Classify the sequences
Sequences are classified to provide taxonnomies relative to the Silva database (Quast et al., 2013; Yilmaz et al 2014; Glöckner 2017) as below:
mothur "#classify.seqs(fasta=seqs.fasta, reference=SILVA132.ng.fasta, taxonomy=SILVA132.tax, cutoff=60, probs=FALSE, processors=X)"
References
Magoc, T. and Salzberg, S. (2011). FLASH: Fast length adjustment of short reads to improve genome assemblies. Bioinformatics 27(21): 2957-2963.
Schloss, P.D., et al., (2009). Introducing mothur: Open-source, platform-independent, community-supported software for describing and comparing microbial communities.
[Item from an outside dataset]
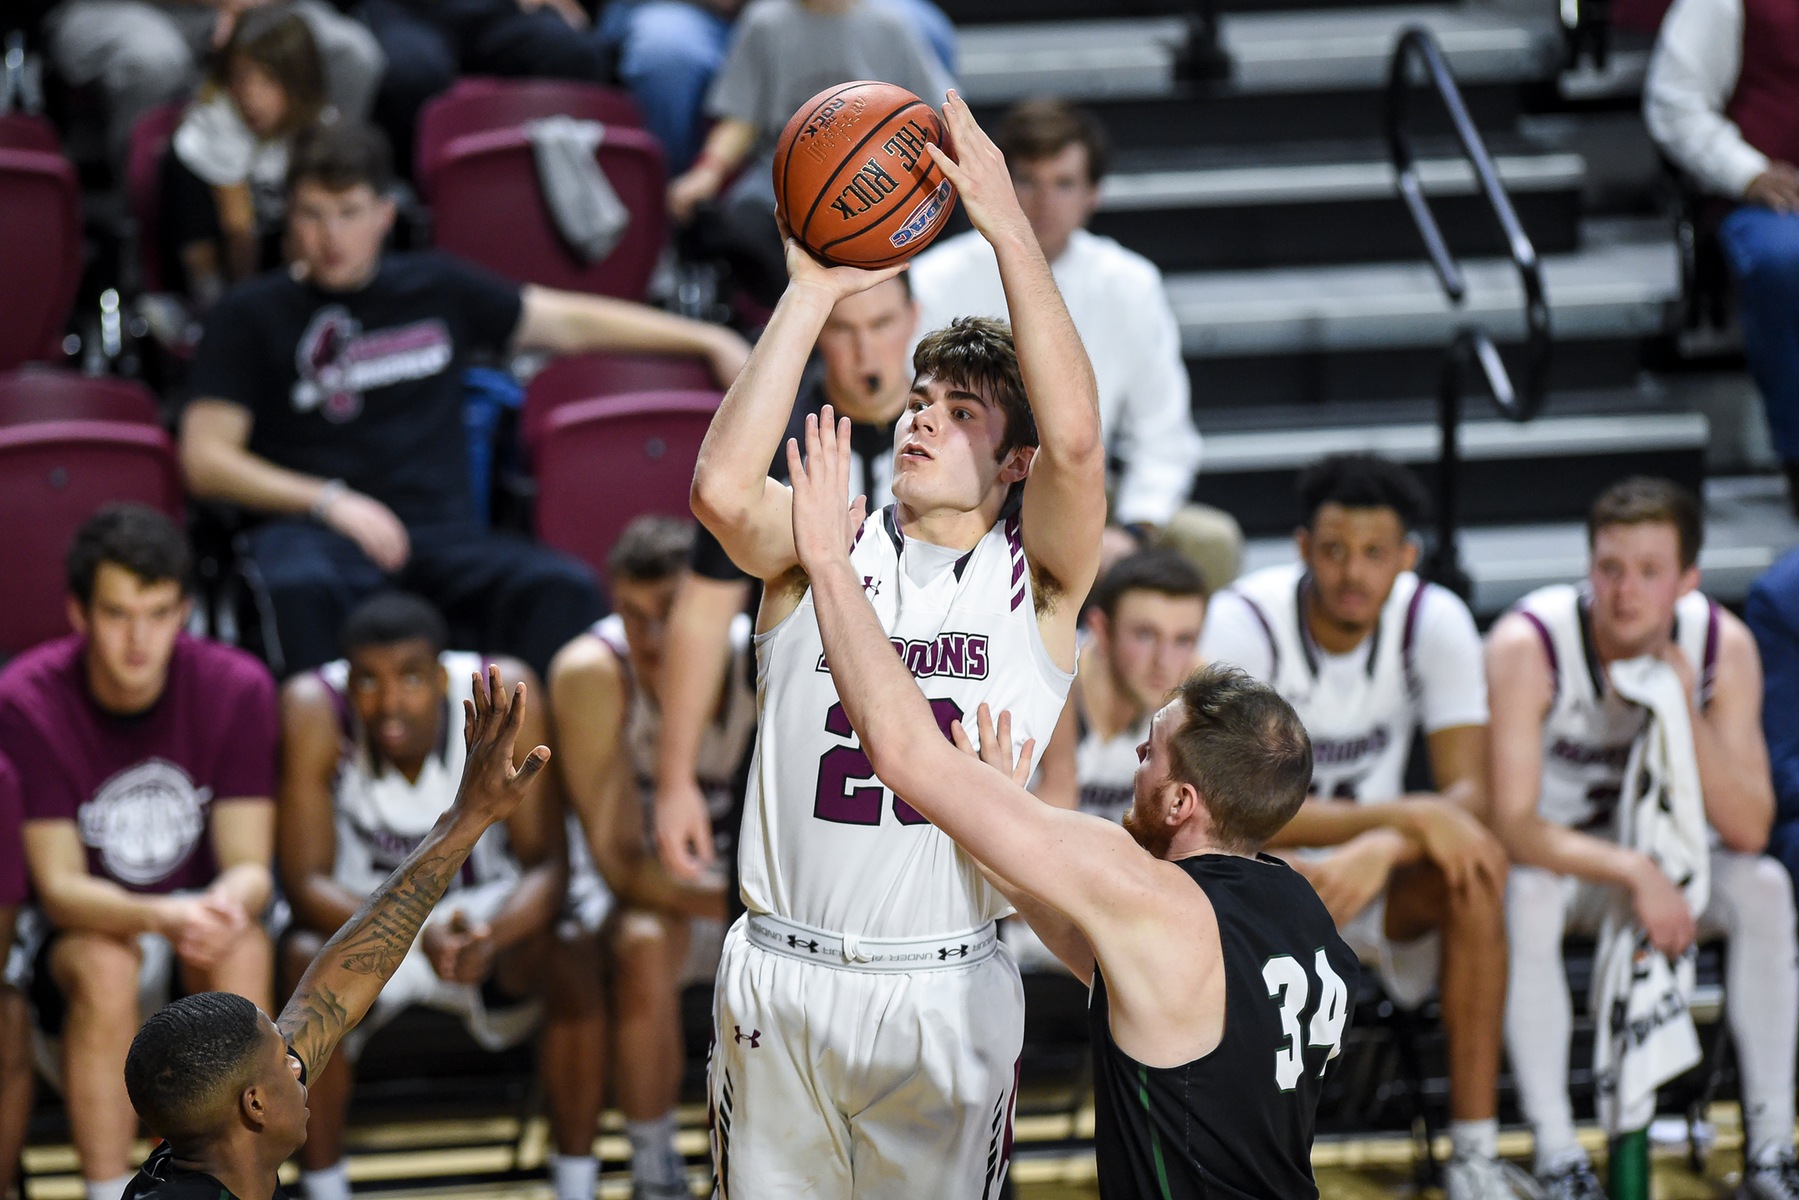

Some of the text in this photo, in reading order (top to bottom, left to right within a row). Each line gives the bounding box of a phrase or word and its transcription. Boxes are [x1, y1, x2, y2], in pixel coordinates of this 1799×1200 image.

[804, 98, 845, 139] ROCK
[830, 119, 928, 220] THE ROCK
[889, 952, 934, 962] UNDER
[1261, 946, 1348, 1093] 34
Appl Environ Microbiol 75(23):7537-7541.
Edgar, R.C., (2010), Search and clustering orders of magnitude faster than BLAST, Bioinformatics 26(19): 2460-2461.
Seqtk available at: https://github.com/lh3/seqtk (last accessed 23 Jan 2019).
Fastx available at: (http://hannonlab.cshl.edu/fastx_toolkit/) (last accessed 23 Jan 2019).
DeSantis T.Z., Hugenholtz P., Larsen N., Rojas M., Brodie E.L., Keller K., Huber T., Dalevi D., Hu P., Andersen G.L.(2006) Greengenes, a Chimera-Checked 16S rRNA Gene Database and Workbench Compatible with ARB. Appl. Environ. Microbiol. 72(7): 5069-5072; DOI: 10.1128/AEM.03006-05
Quast C, Pruesse E, Yilmaz P, Gerken J, Schweer T, Yarza P, Peplies J, Glöckner FO (2013) The SILVA ribosomal RNA gene database project: improved data processing and web-based tools. Nucl. Acids Res. 41 (D1): D590-D596.
Yilmaz P, Parfrey LW, Yarza P, Gerken J, Pruesse E, Quast C, Schweer T, Peplies J, Ludwig W, Glöckner FO (2014) The SILVA and “All-species Living Tree Project (LTP)” taxonomic frameworks. Nucl. Acids Res. 42:D643-D648
Glöckner FO, Yilmaz P, Quast C, Gerken J, Beccati A, Ciuprina A, Bruns G, Yarza P, Peplies J, Westram R, Ludwig W (2017) 25 years of serving the community with ribosomal RNA gene reference databases and tools. J. Biotechnol.